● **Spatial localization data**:
○ ○ ○ ○
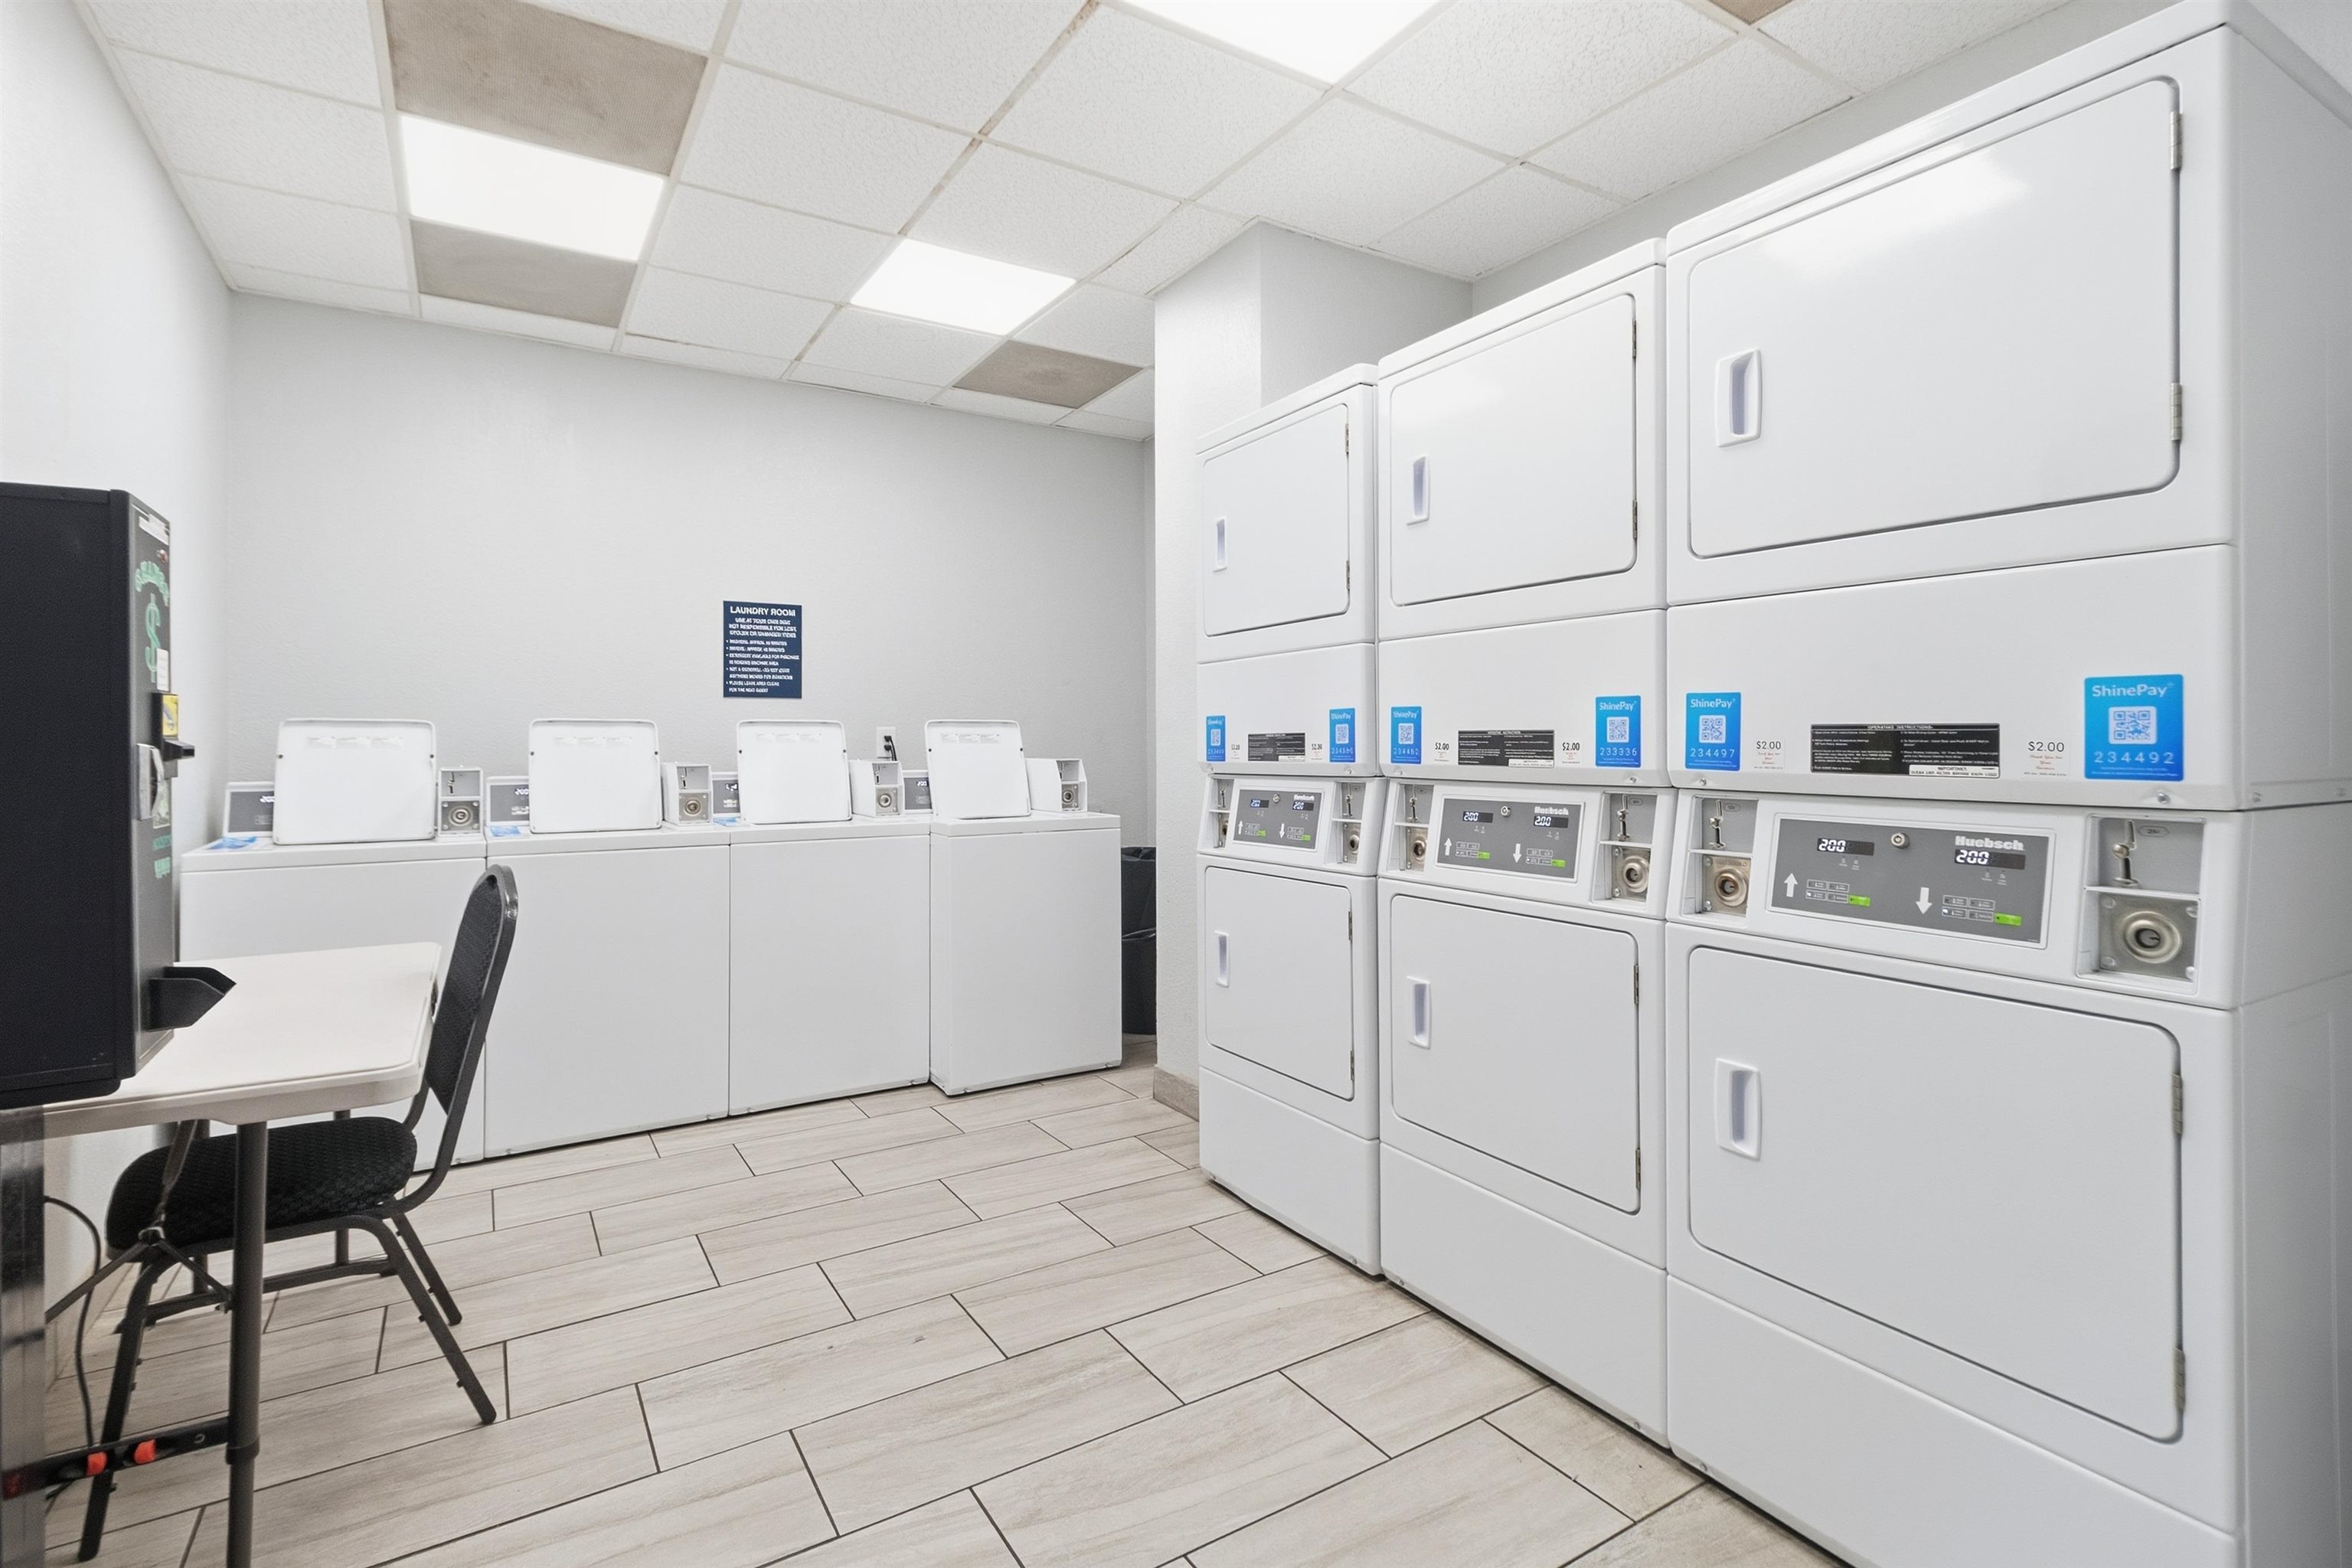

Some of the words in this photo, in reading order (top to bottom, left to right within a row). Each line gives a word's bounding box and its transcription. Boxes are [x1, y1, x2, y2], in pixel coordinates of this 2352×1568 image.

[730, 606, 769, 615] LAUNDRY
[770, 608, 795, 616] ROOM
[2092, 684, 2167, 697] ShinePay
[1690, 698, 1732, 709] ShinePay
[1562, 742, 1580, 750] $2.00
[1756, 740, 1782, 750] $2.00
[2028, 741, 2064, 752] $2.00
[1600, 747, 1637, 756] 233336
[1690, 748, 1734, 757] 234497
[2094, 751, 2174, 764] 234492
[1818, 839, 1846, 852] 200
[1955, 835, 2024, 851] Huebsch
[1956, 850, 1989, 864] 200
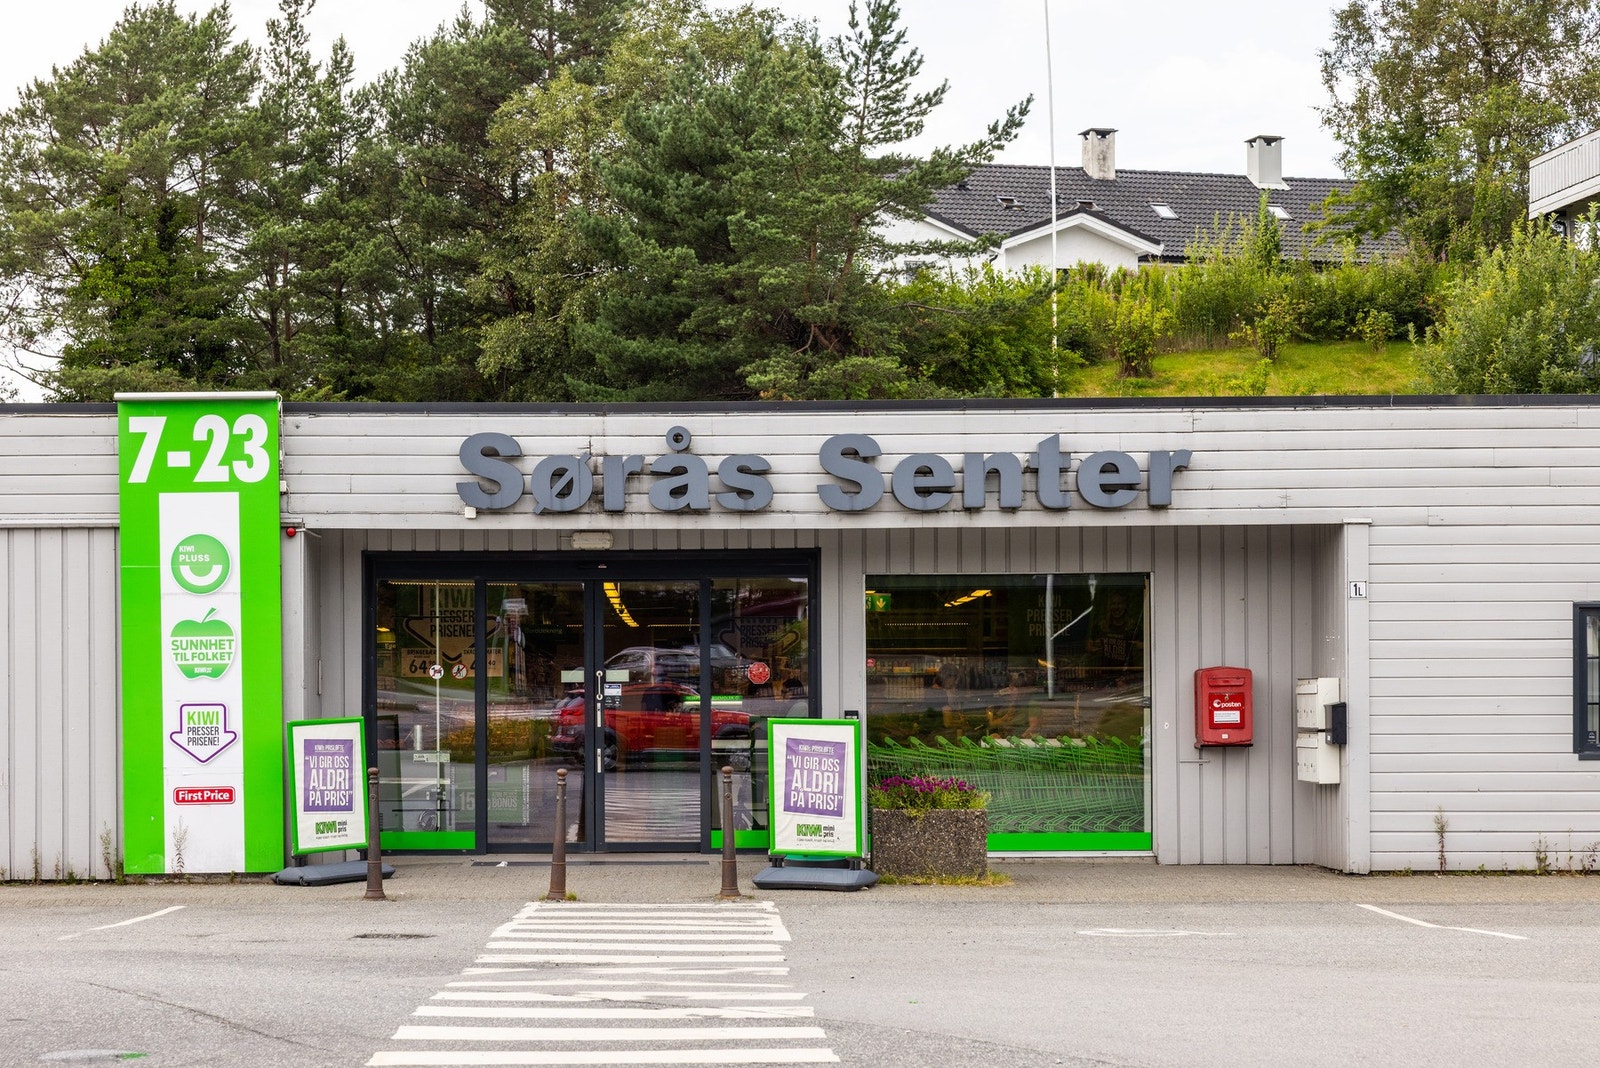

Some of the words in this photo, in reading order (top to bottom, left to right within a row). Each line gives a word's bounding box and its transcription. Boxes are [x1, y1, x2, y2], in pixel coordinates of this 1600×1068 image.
○ ○ ○ ○
● **Required action**:
Apart from the pictures, write every entry out again exactly.

● **Output of the task**:
Some of the words in this photo, in reading order (top to bottom, left to right within a row). Each line gives a word's bounding box and its transcription. Boxes are [x1, y1, x2, y2], in pixel coordinates of this 2352×1568 image.

[730, 606, 769, 615] LAUNDRY
[770, 608, 795, 616] ROOM
[2092, 684, 2167, 697] ShinePay
[1690, 698, 1732, 709] ShinePay
[1562, 742, 1580, 750] $2.00
[1756, 740, 1782, 750] $2.00
[2028, 741, 2064, 752] $2.00
[1600, 747, 1637, 756] 233336
[1690, 748, 1734, 757] 234497
[2094, 751, 2174, 764] 234492
[1818, 839, 1846, 852] 200
[1955, 835, 2024, 851] Huebsch
[1956, 850, 1989, 864] 200

Some of the words in this photo, in reading order (top to bottom, left to right within a row). Each line gives a word's bounding box and its transcription. Boxes are [x1, y1, x2, y2], in pixel coordinates of this 1600×1068 image.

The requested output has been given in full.